Pollard is creating for himself post-carry by forcing missed tackles. He’s making defenders miss both in a phone booth and in space. Pollard is creating more explosive plays, which is critical for today’s high-octane offenses. Pollard is undeniably the more effective back in Dallas’ backfield. Pollard is doing more with less.
Elliott has also struggled in the passing game. He’s hauled in just six receptions on eight targets for 32 yards (an extremely pedestrian 5.3 yards per reception). Elliott has been credited with two drops. Pollard hasn’t dropped a single of his 15 targets while nearly doubling Elliott’s per-reception outputs (9.5 yards per catch).
The matchup is especially appetizing for Pollard. He’ll look to run through a Bears defense that’s currently ranked 30th in run defense. The Bears are allowing 149.7 rushing yards per contest. Pollard possesses every opportunity to torch the Bears’ struggling run defense via the ground.

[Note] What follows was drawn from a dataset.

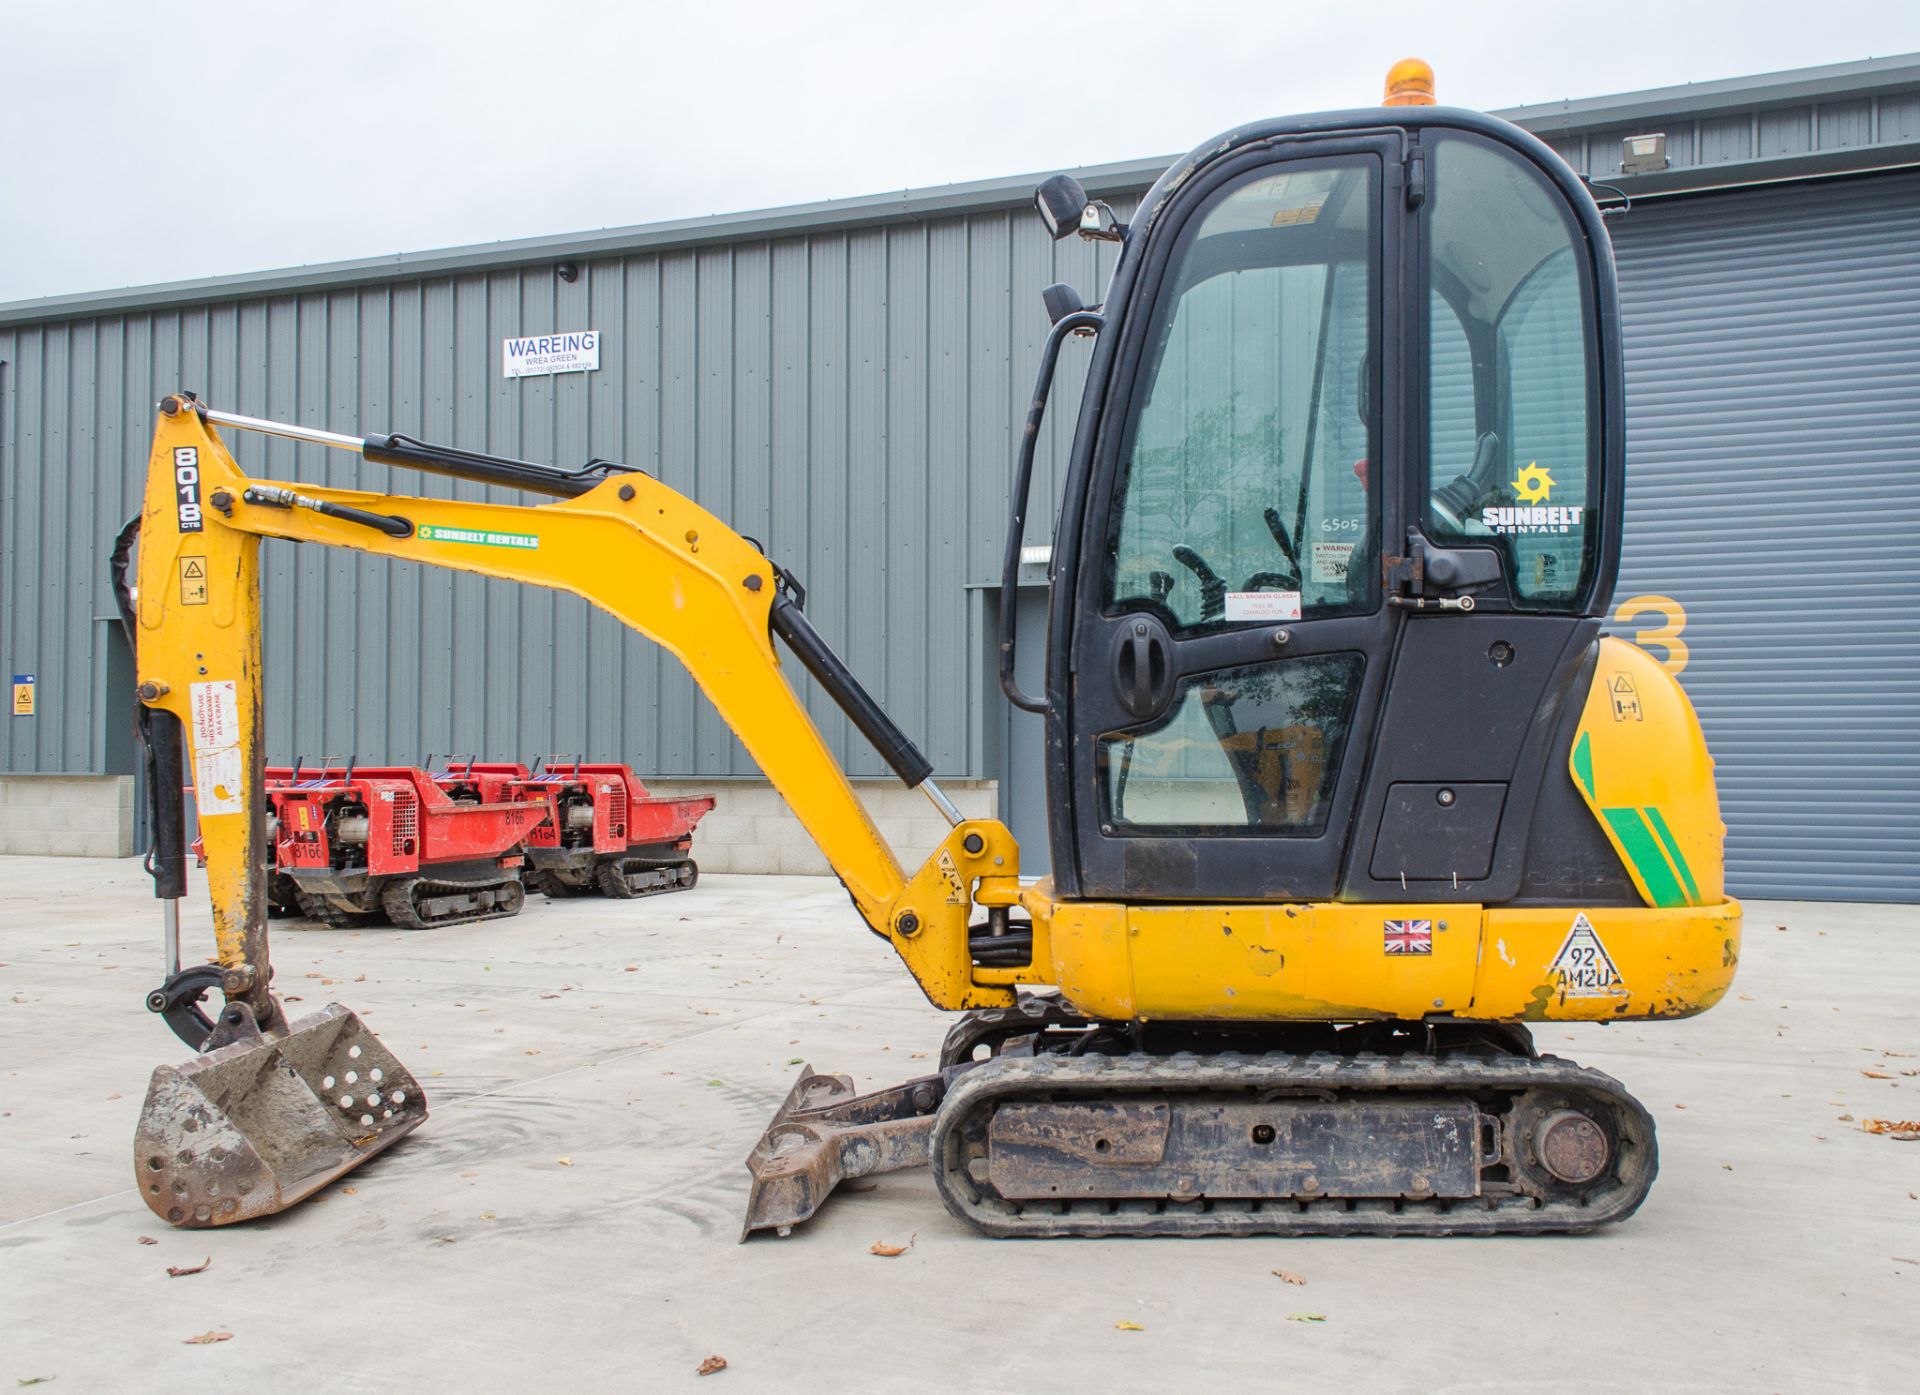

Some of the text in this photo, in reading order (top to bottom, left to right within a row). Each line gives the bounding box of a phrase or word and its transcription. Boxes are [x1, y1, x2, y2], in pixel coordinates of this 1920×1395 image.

Sunday marks a monumental opportunity for Pollard, who finds himself in a contract year by the way. He’ll almost certainly set a new career high for single-game rushing attempts. We anticipate Pollard exploding for 100-plus yards and multiple touchdowns. Cowboys head coach Mike McCarthy may be forced to navigate through a backfield controversy if Pollard performs in that manner.